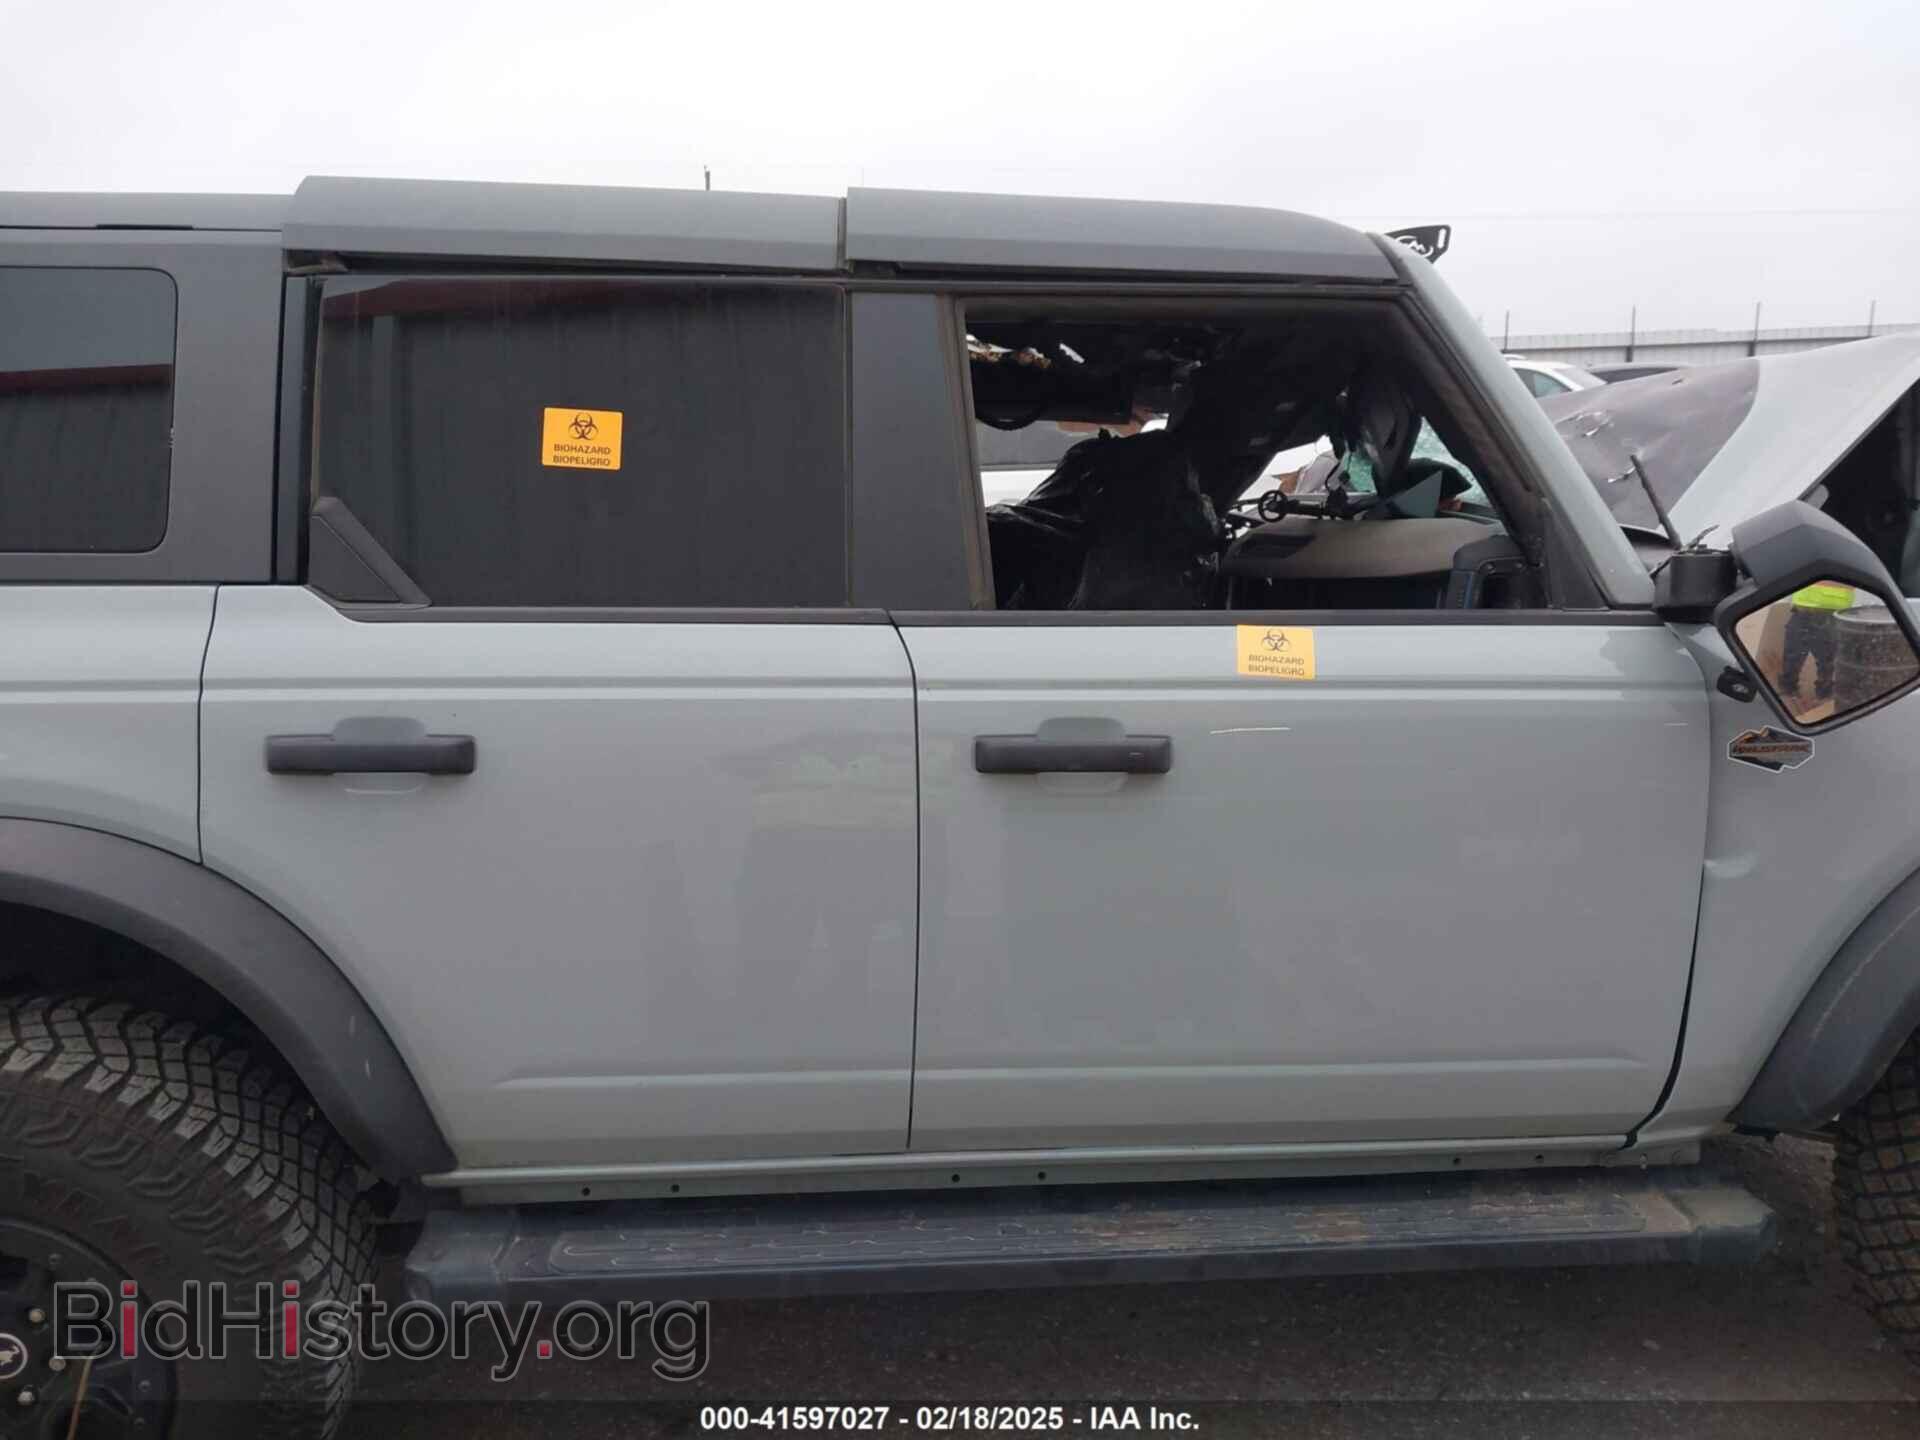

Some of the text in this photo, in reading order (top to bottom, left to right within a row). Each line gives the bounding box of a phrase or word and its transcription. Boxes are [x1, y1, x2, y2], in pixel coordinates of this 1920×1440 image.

[553, 443, 611, 455] BIOHAZARD
[553, 455, 611, 467] BIOPELIGRO
[1248, 654, 1305, 666] BIOHAZARD
[1248, 664, 1305, 677] BIOPELIGRO

* [Instructions to follow]: Exclude every image and return the material above exactly.

* [Reply]:
Some of the text in this photo, in reading order (top to bottom, left to right within a row). Each line gives the bounding box of a phrase or word and its transcription. Boxes are [x1, y1, x2, y2], in pixel coordinates of this 1920×1440 image.

[553, 443, 611, 455] BIOHAZARD
[553, 455, 611, 467] BIOPELIGRO
[1248, 654, 1305, 666] BIOHAZARD
[1248, 664, 1305, 677] BIOPELIGRO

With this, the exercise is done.